## Exercise description:
From the first record to the last, write each one out again exactly.

= Beginning of Section =

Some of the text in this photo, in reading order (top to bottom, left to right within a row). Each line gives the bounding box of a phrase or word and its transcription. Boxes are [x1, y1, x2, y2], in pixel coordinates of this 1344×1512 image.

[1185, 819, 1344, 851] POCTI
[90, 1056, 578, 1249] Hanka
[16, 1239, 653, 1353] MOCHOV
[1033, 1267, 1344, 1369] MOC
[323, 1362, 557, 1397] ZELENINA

= End of Section =

## Exercise response:
Some of the text in this photo, in reading order (top to bottom, left to right within a row). Each line gives the bounding box of a phrase or word and its transcription. Boxes are [x1, y1, x2, y2], in pixel coordinates of this 1344×1512 image.

[1185, 819, 1344, 851] POCTI
[90, 1056, 578, 1249] Hanka
[16, 1239, 653, 1353] MOCHOV
[1033, 1267, 1344, 1369] MOC
[323, 1362, 557, 1397] ZELENINA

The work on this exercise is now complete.